* [The task]
Reproduce the entries that follow exactly. No picture should appear in the result.

* [Extracted information]
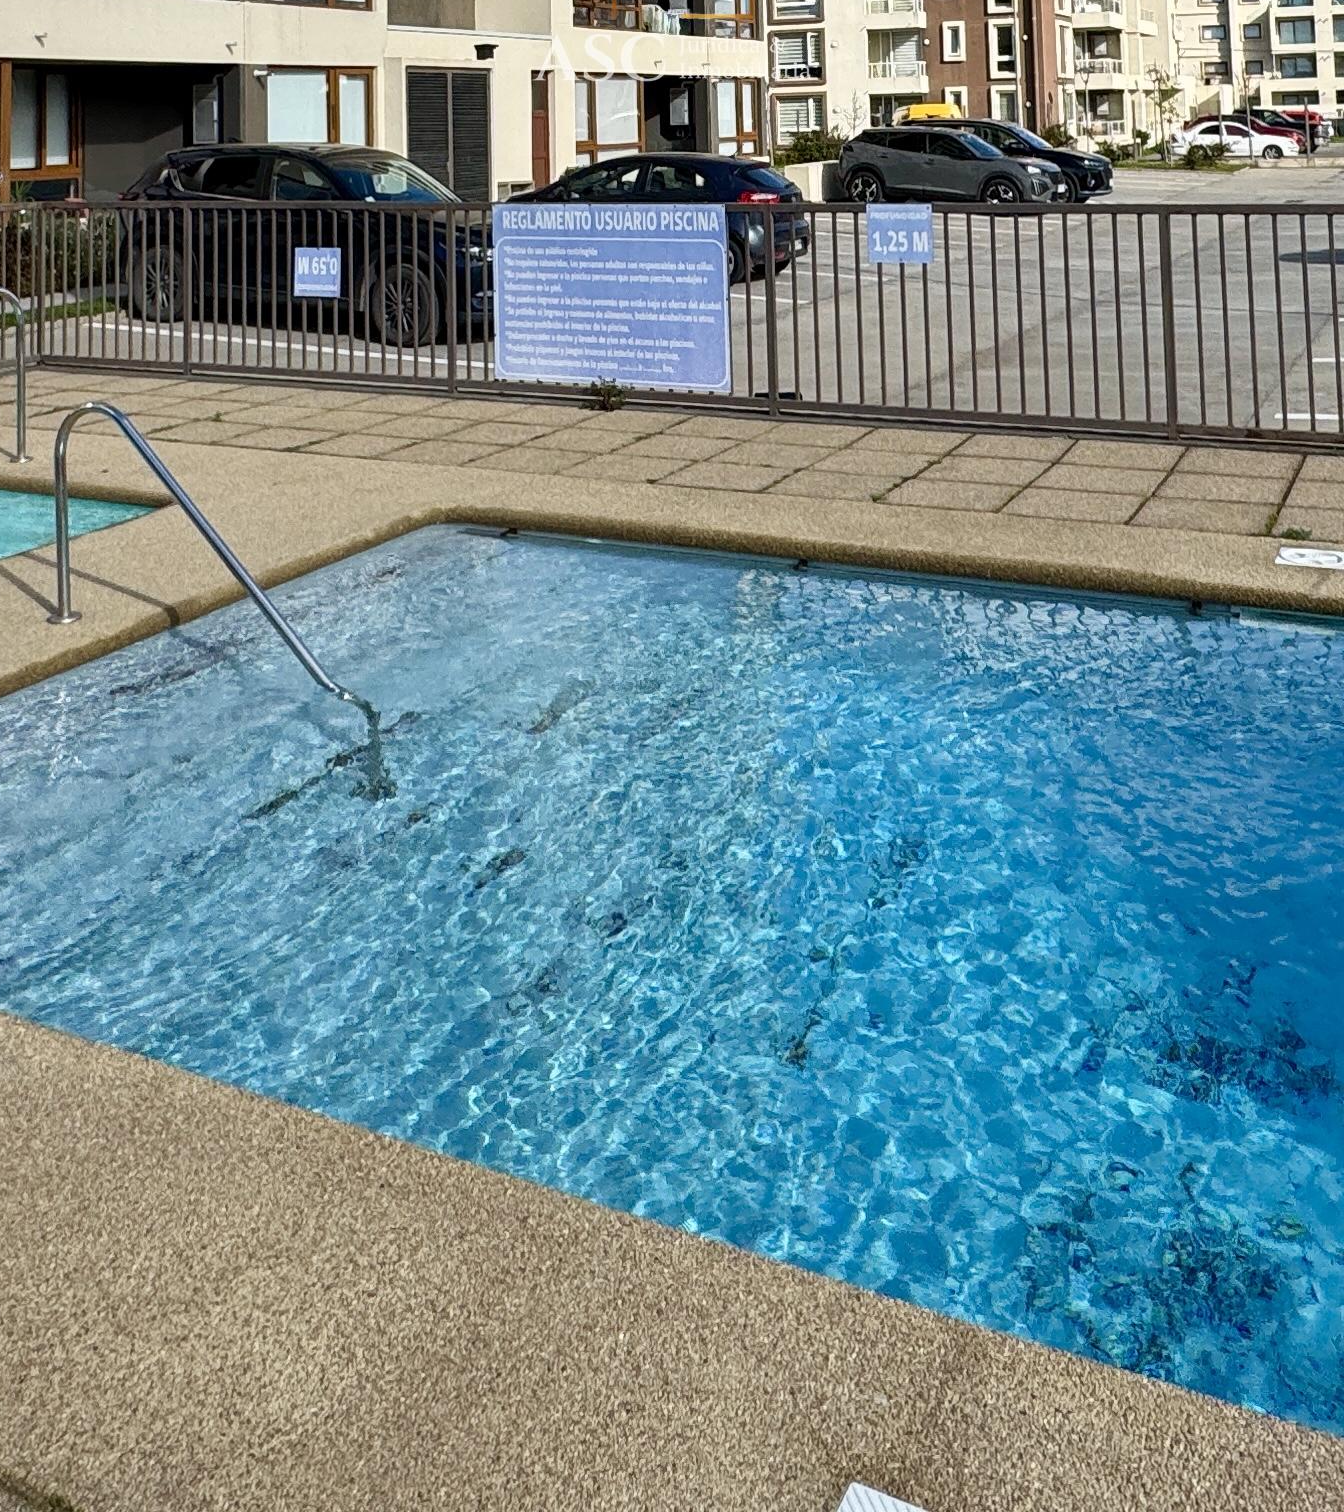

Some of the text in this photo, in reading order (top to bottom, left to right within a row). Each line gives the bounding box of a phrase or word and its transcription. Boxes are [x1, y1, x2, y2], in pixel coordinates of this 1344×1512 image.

[502, 210, 720, 232] REGLAMENTO USUARIO PISCINA
[872, 230, 929, 256] 1,25 M
[298, 255, 310, 275] M
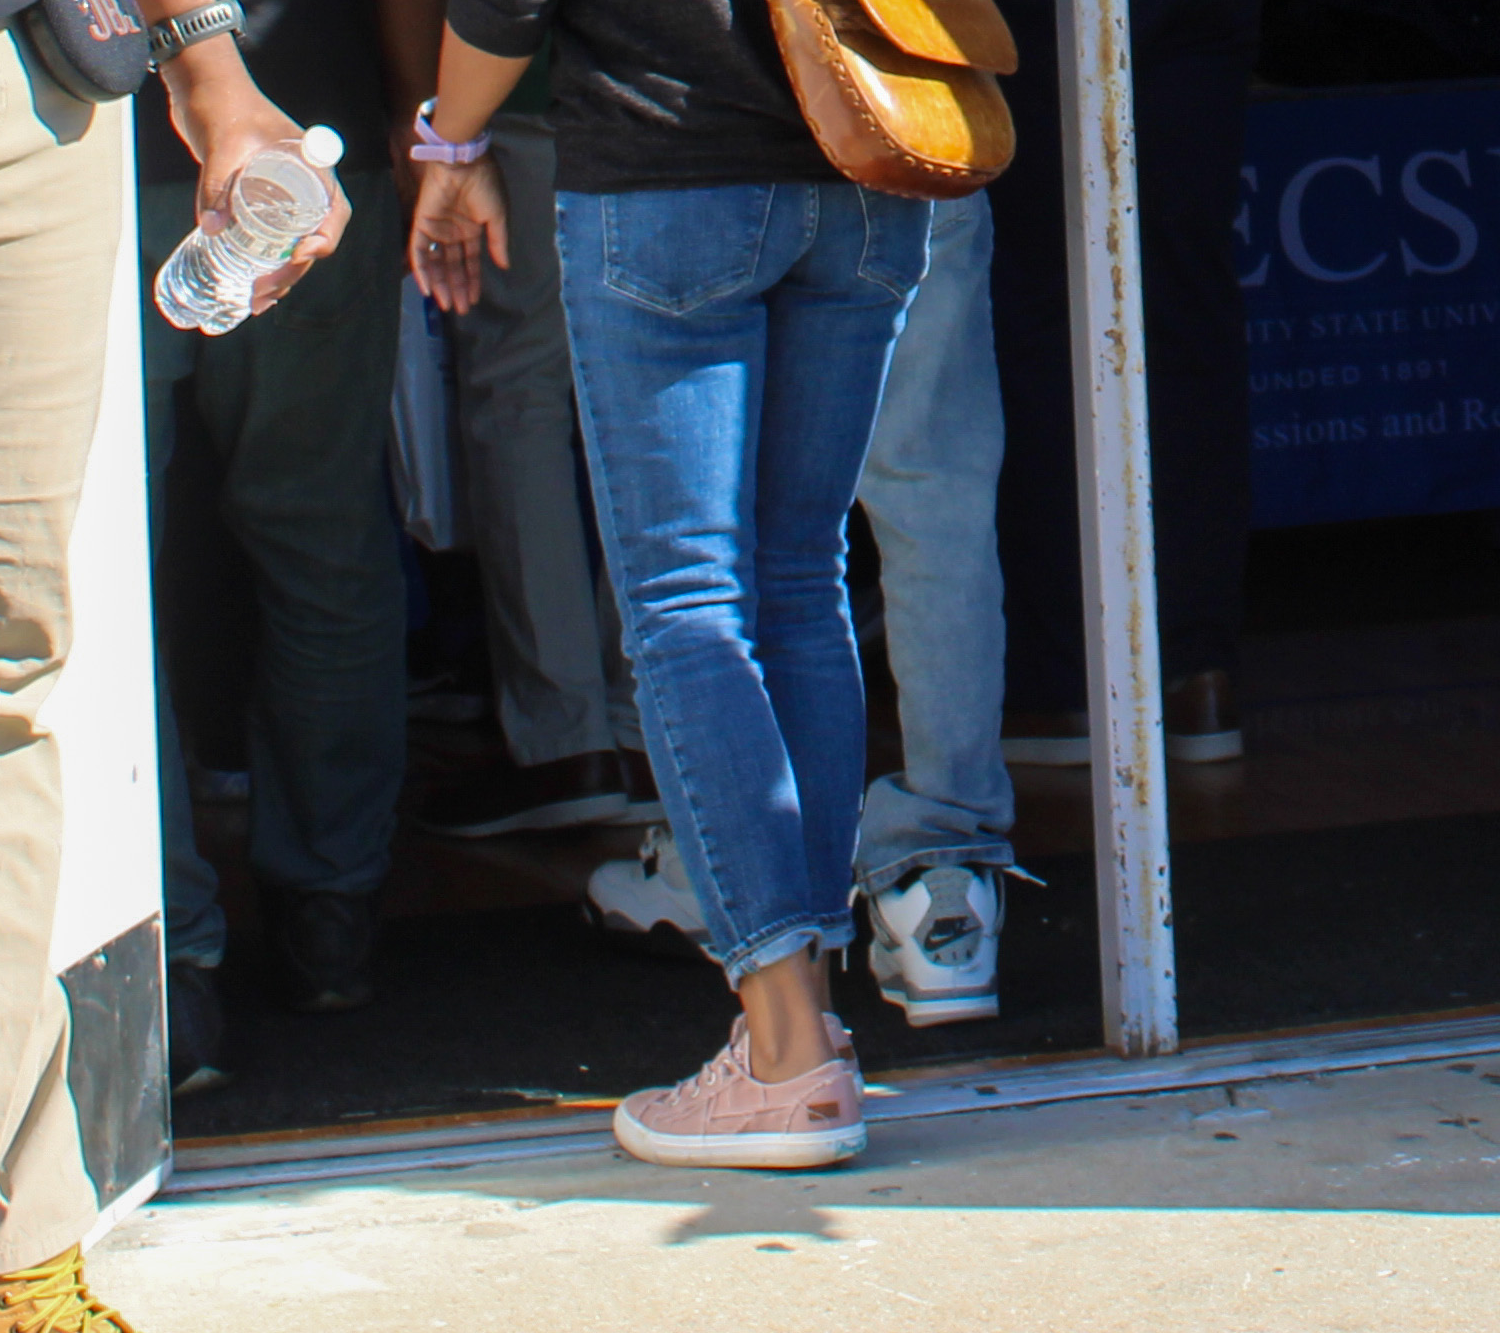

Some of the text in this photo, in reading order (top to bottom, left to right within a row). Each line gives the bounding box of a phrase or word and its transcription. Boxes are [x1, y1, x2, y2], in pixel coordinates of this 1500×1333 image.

* [Exercise answer]
Some of the text in this photo, in reading order (top to bottom, left to right within a row). Each line gives the bounding box of a phrase or word and its transcription. Boxes are [x1, y1, x2, y2], in pixel coordinates of this 1344×1512 image.

[502, 210, 720, 232] REGLAMENTO USUARIO PISCINA
[872, 230, 929, 256] 1,25 M
[298, 255, 310, 275] M

Some of the text in this photo, in reading order (top to bottom, left to right within a row). Each line gives the bounding box of a phrase or word and its transcription. Boxes are [x1, y1, x2, y2], in pixel coordinates of this 1500×1333 image.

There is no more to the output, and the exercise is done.